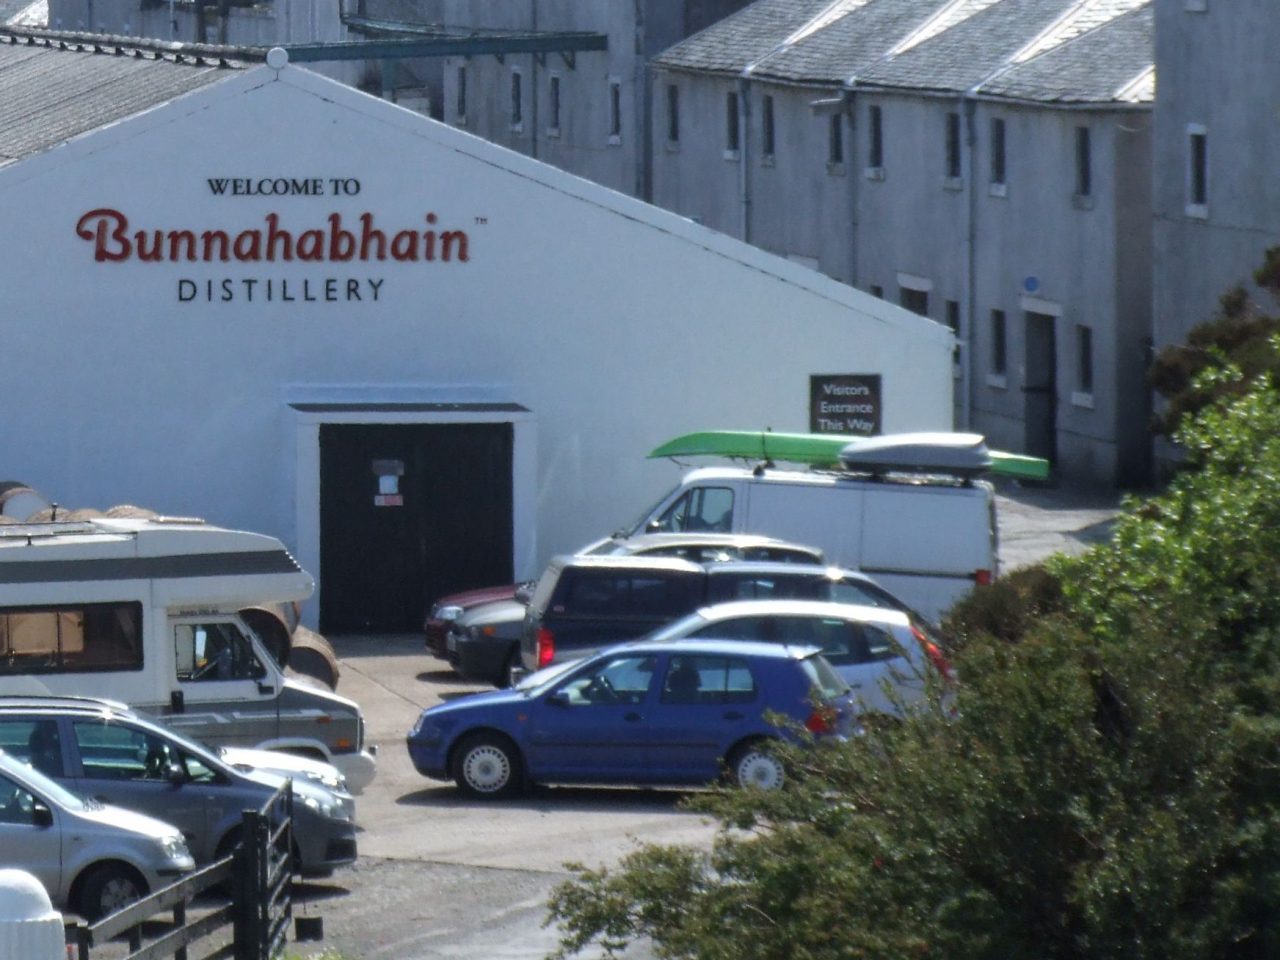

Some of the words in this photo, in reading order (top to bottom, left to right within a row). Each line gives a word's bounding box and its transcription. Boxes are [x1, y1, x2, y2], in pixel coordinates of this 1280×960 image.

[208, 179, 323, 196] WELCOME
[330, 179, 360, 196] TO
[76, 208, 470, 262] Bunnahabhain
[178, 279, 385, 301] DISTILLERY
[823, 384, 870, 395] Visitors
[820, 401, 873, 413] Entrance
[819, 418, 844, 430] This
[847, 419, 875, 433] Way

== Required work ==
Pictures aside, repeat each entry in full and without change.

== Reply ==
Some of the words in this photo, in reading order (top to bottom, left to right within a row). Each line gives a word's bounding box and its transcription. Boxes are [x1, y1, x2, y2], in pixel coordinates of this 1280×960 image.

[208, 179, 323, 196] WELCOME
[330, 179, 360, 196] TO
[76, 208, 470, 262] Bunnahabhain
[178, 279, 385, 301] DISTILLERY
[823, 384, 870, 395] Visitors
[820, 401, 873, 413] Entrance
[819, 418, 844, 430] This
[847, 419, 875, 433] Way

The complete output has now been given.